## Task
Each record below should be given again exactly as it reads.

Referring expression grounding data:
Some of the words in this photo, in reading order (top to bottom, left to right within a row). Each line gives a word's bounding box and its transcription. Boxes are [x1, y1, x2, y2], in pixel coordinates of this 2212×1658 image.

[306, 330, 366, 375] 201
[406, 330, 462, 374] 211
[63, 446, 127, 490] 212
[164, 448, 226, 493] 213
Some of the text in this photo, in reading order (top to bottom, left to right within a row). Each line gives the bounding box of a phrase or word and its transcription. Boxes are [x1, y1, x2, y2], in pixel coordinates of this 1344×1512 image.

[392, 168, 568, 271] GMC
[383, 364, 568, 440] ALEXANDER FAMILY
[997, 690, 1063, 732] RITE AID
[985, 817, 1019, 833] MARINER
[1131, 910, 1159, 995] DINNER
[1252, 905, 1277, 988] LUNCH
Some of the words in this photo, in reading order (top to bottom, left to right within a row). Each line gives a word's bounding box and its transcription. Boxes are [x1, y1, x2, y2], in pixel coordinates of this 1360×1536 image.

## Finished task
Some of the words in this photo, in reading order (top to bottom, left to right within a row). Each line gives a word's bounding box and its transcription. Boxes are [x1, y1, x2, y2], in pixel coordinates of this 2212×1658 image.

[306, 330, 366, 375] 201
[406, 330, 462, 374] 211
[63, 446, 127, 490] 212
[164, 448, 226, 493] 213
Some of the text in this photo, in reading order (top to bottom, left to right within a row). Each line gives the bounding box of a phrase or word and its transcription. Boxes are [x1, y1, x2, y2], in pixel coordinates of this 1344×1512 image.

[392, 168, 568, 271] GMC
[383, 364, 568, 440] ALEXANDER FAMILY
[997, 690, 1063, 732] RITE AID
[985, 817, 1019, 833] MARINER
[1131, 910, 1159, 995] DINNER
[1252, 905, 1277, 988] LUNCH
Some of the words in this photo, in reading order (top to bottom, left to right within a row). Each line gives a word's bounding box and its transcription. Boxes are [x1, y1, x2, y2], in pixel coordinates of this 1360×1536 image.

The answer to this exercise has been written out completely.